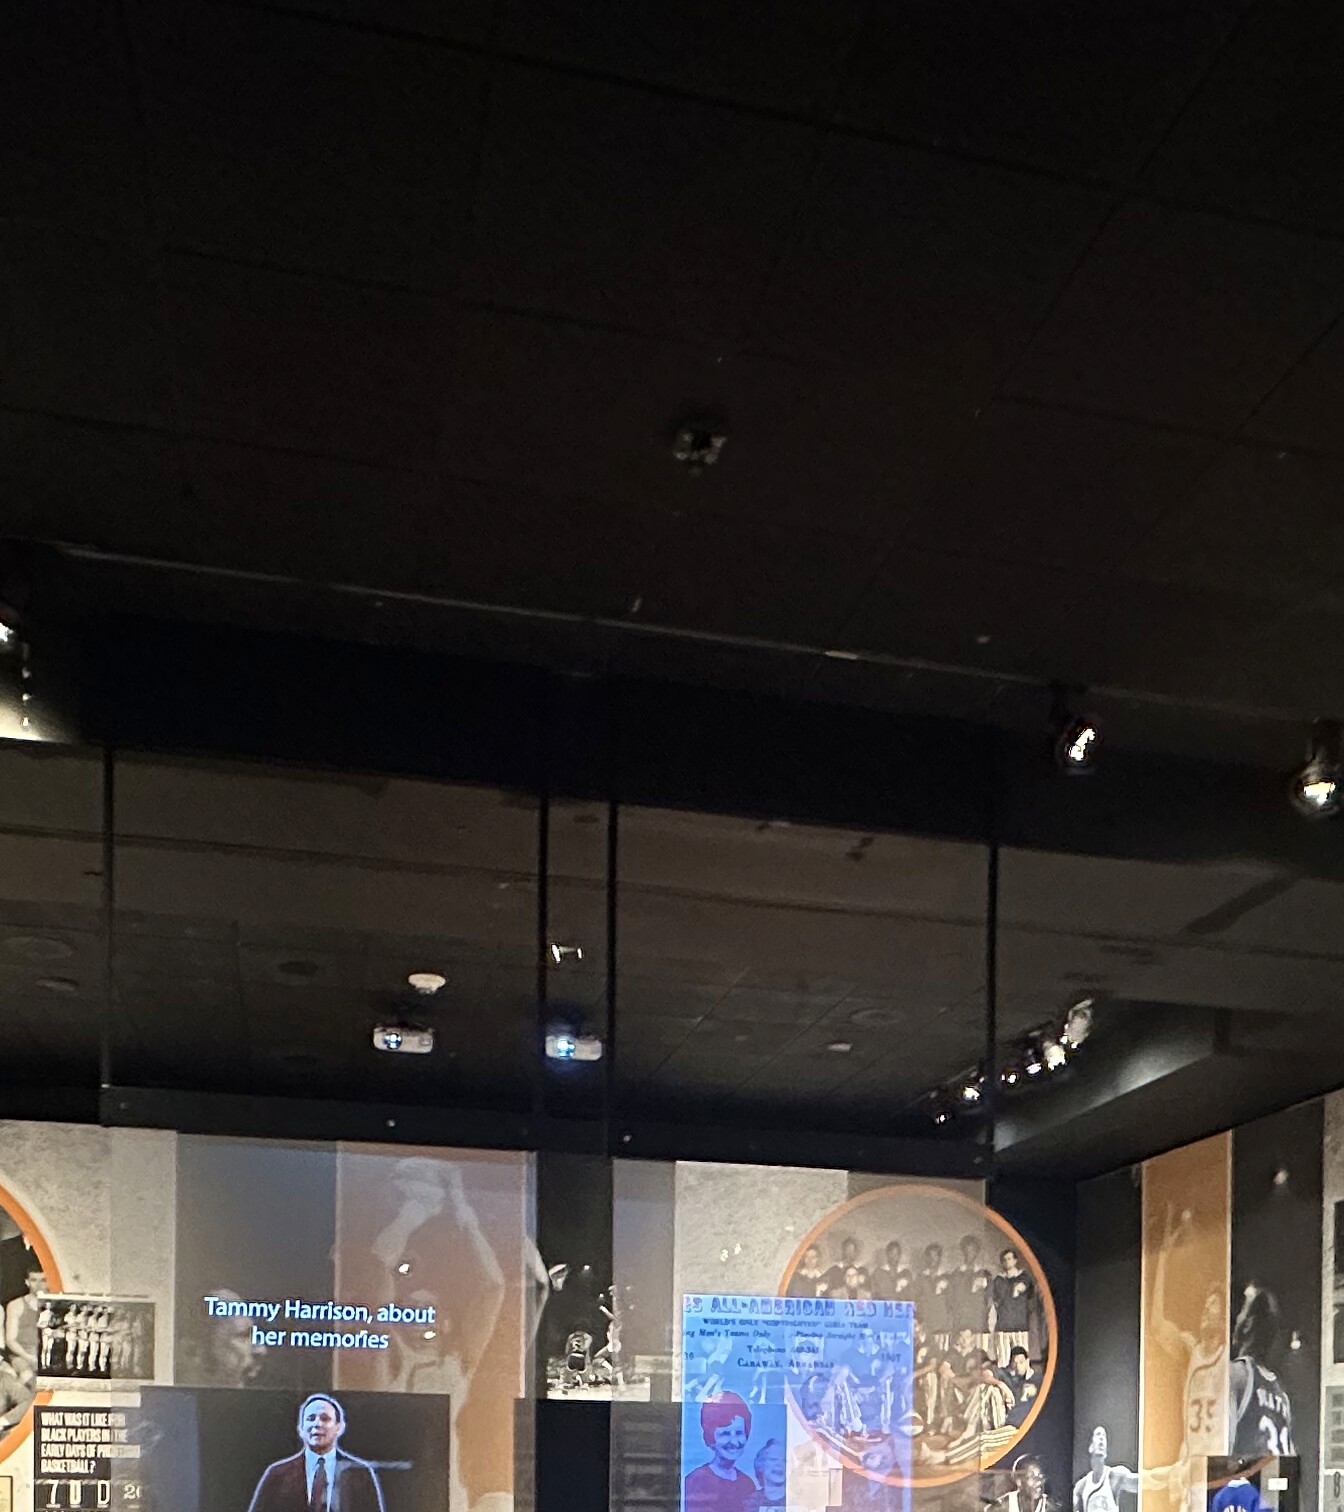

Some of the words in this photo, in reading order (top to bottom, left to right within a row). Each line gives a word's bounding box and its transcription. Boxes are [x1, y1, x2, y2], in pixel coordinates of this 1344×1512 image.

[204, 1297, 281, 1321] Tammy
[285, 1300, 373, 1324] Harrison,
[377, 1303, 436, 1323] about
[251, 1326, 286, 1346] her
[290, 1331, 389, 1348] memories
[41, 1412, 64, 1426] WHAT
[64, 1412, 82, 1426] WAS
[41, 1428, 67, 1442] BLACK
[67, 1428, 101, 1442] PLAYERS
[41, 1443, 64, 1457] EARLY

──────

### Problem description
What is needed is a word-for-word copy of the data, minus its pictures.

### Solution to this task
Some of the words in this photo, in reading order (top to bottom, left to right within a row). Each line gives a word's bounding box and its transcription. Boxes are [x1, y1, x2, y2], in pixel coordinates of this 1344×1512 image.

[204, 1297, 281, 1321] Tammy
[285, 1300, 373, 1324] Harrison,
[377, 1303, 436, 1323] about
[251, 1326, 286, 1346] her
[290, 1331, 389, 1348] memories
[41, 1412, 64, 1426] WHAT
[64, 1412, 82, 1426] WAS
[41, 1428, 67, 1442] BLACK
[67, 1428, 101, 1442] PLAYERS
[41, 1443, 64, 1457] EARLY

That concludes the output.